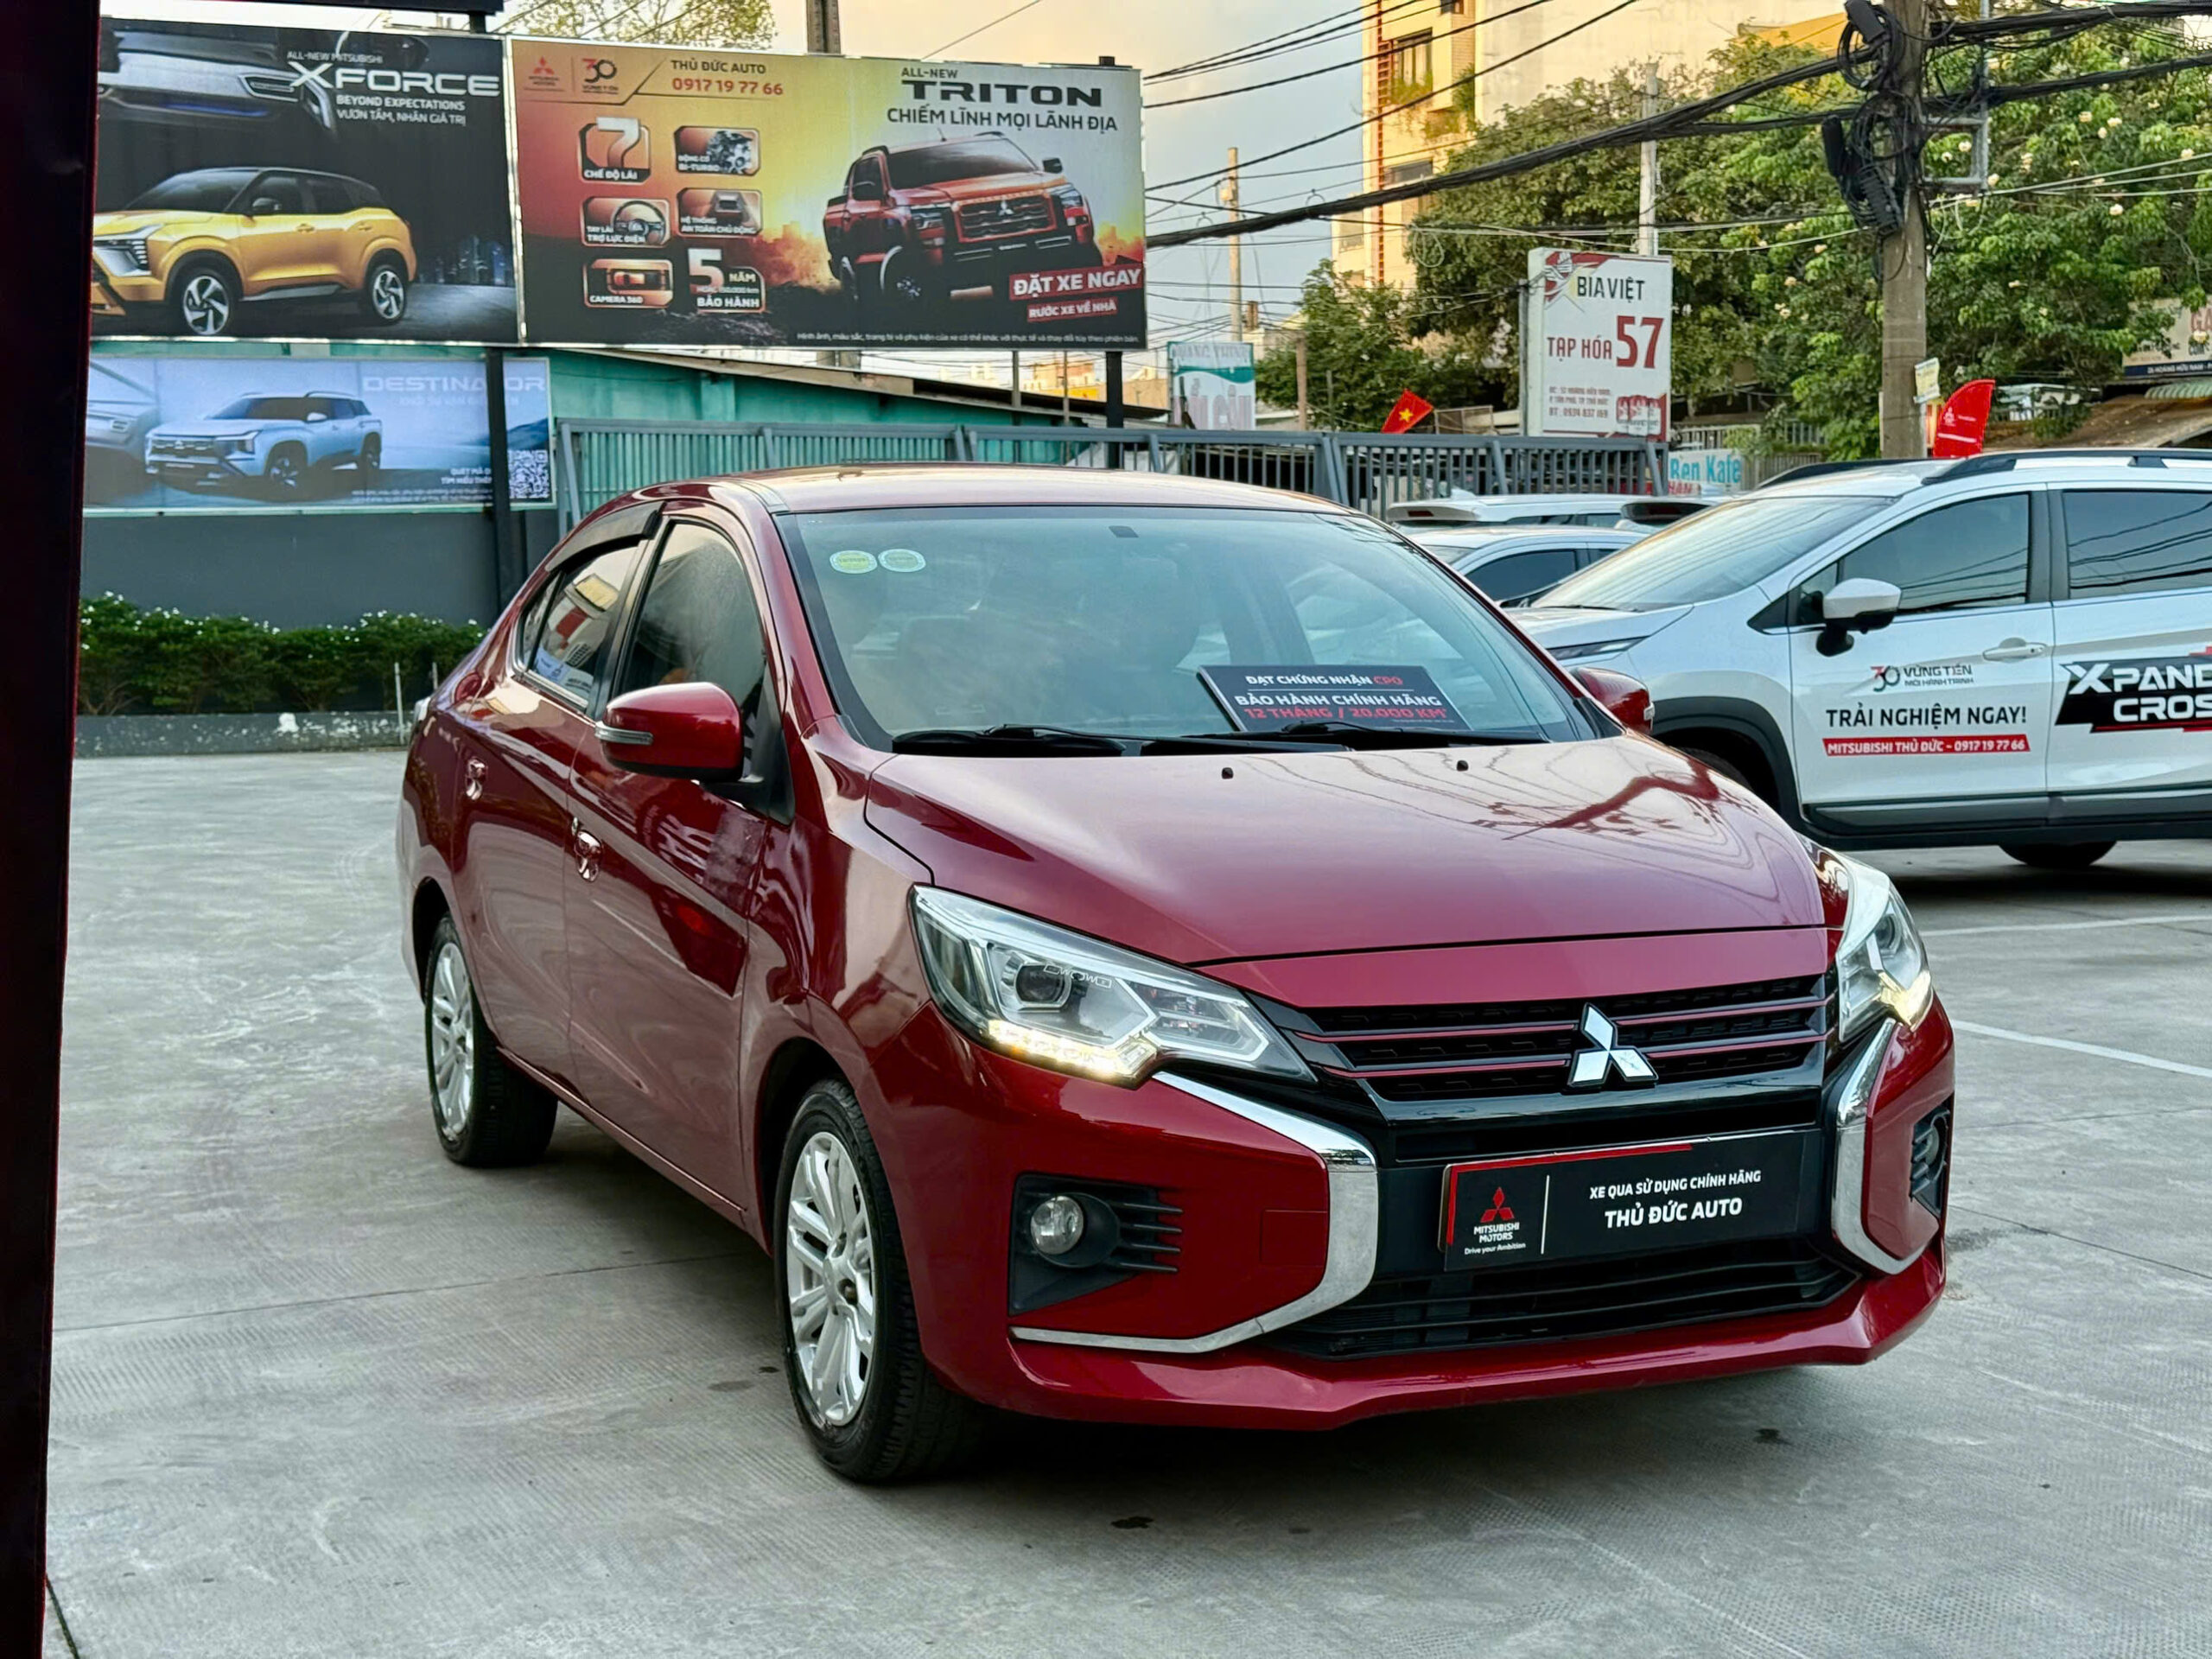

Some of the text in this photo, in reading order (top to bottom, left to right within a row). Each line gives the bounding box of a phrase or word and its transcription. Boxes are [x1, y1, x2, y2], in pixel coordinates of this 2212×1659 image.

[286, 51, 383, 63] ALL-NEW MITSUBISHI
[671, 57, 766, 74] THỦ ĐỨC AUTO
[901, 67, 958, 79] ALL-NEW
[672, 78, 783, 95] 0917 19 77 66
[901, 79, 1103, 107] TRITON
[336, 94, 466, 111] BEYOND EXPECTATIONS
[337, 109, 368, 120] VƯƠN
[887, 104, 1118, 134] CHIẾM LĨNH MỌI LÃNH ĐỊA
[596, 117, 640, 168] 7
[583, 168, 638, 181] CHẾ ĐỘ LÁI
[688, 248, 756, 295] 5 NĂM
[1013, 269, 1141, 298] ĐẶT XE NGAY
[1577, 276, 1645, 303] BIA VIỆT
[590, 295, 643, 304] CAMERA 360
[696, 294, 760, 308] BẢO HÀNH
[1028, 300, 1116, 318] RƯỚC XE VỀ NHÀ
[1547, 315, 1664, 369] TẠP HÓA 57
[362, 376, 545, 391] DESTINAOR
[1870, 664, 1900, 692] 30
[1942, 664, 1973, 677] TIẾN
[1245, 674, 1403, 686] ĐẠT CHỨNG NHẬN CPO
[1234, 692, 1442, 706] BẢO HÀNH CHÍNH HÃNG
[1244, 708, 1267, 719] 12
[1267, 705, 1332, 718] THÁNG
[1349, 708, 1414, 718] 20.000
[1826, 702, 2026, 729] TRẢI NGHIỆM NGAY!
[1827, 742, 1893, 754] MITSUBISHI
[1895, 738, 1917, 753] THỦ
[1921, 739, 1944, 753] ĐỨC
[1955, 741, 1980, 752] 0917
[1981, 740, 1994, 751] 19
[1996, 740, 2009, 751] 77
[2011, 739, 2025, 750] 66
[1589, 1186, 1605, 1199] XE
[1608, 1183, 1633, 1199] QUA
[1654, 1179, 1688, 1194] DỤNG
[1690, 1173, 1726, 1190] CHÍNH
[1728, 1169, 1762, 1185] HÃNG
[1605, 1198, 1743, 1229] THỦ ĐỨC AUTO
[1473, 1222, 1520, 1236] MITSUBISHI
[1479, 1231, 1513, 1243] MOTORS
[1465, 1243, 1527, 1255] Drive your Ambition

● ● ●

Output all of the listing above, exactly as given, but without its pictures.

* Task answer *
Some of the text in this photo, in reading order (top to bottom, left to right within a row). Each line gives the bounding box of a phrase or word and its transcription. Boxes are [x1, y1, x2, y2], in pixel coordinates of this 2212×1659 image.

[286, 51, 383, 63] ALL-NEW MITSUBISHI
[671, 57, 766, 74] THỦ ĐỨC AUTO
[901, 67, 958, 79] ALL-NEW
[672, 78, 783, 95] 0917 19 77 66
[901, 79, 1103, 107] TRITON
[336, 94, 466, 111] BEYOND EXPECTATIONS
[337, 109, 368, 120] VƯƠN
[887, 104, 1118, 134] CHIẾM LĨNH MỌI LÃNH ĐỊA
[596, 117, 640, 168] 7
[583, 168, 638, 181] CHẾ ĐỘ LÁI
[688, 248, 756, 295] 5 NĂM
[1013, 269, 1141, 298] ĐẶT XE NGAY
[1577, 276, 1645, 303] BIA VIỆT
[590, 295, 643, 304] CAMERA 360
[696, 294, 760, 308] BẢO HÀNH
[1028, 300, 1116, 318] RƯỚC XE VỀ NHÀ
[1547, 315, 1664, 369] TẠP HÓA 57
[362, 376, 545, 391] DESTINAOR
[1870, 664, 1900, 692] 30
[1942, 664, 1973, 677] TIẾN
[1245, 674, 1403, 686] ĐẠT CHỨNG NHẬN CPO
[1234, 692, 1442, 706] BẢO HÀNH CHÍNH HÃNG
[1244, 708, 1267, 719] 12
[1267, 705, 1332, 718] THÁNG
[1349, 708, 1414, 718] 20.000
[1826, 702, 2026, 729] TRẢI NGHIỆM NGAY!
[1827, 742, 1893, 754] MITSUBISHI
[1895, 738, 1917, 753] THỦ
[1921, 739, 1944, 753] ĐỨC
[1955, 741, 1980, 752] 0917
[1981, 740, 1994, 751] 19
[1996, 740, 2009, 751] 77
[2011, 739, 2025, 750] 66
[1589, 1186, 1605, 1199] XE
[1608, 1183, 1633, 1199] QUA
[1654, 1179, 1688, 1194] DỤNG
[1690, 1173, 1726, 1190] CHÍNH
[1728, 1169, 1762, 1185] HÃNG
[1605, 1198, 1743, 1229] THỦ ĐỨC AUTO
[1473, 1222, 1520, 1236] MITSUBISHI
[1479, 1231, 1513, 1243] MOTORS
[1465, 1243, 1527, 1255] Drive your Ambition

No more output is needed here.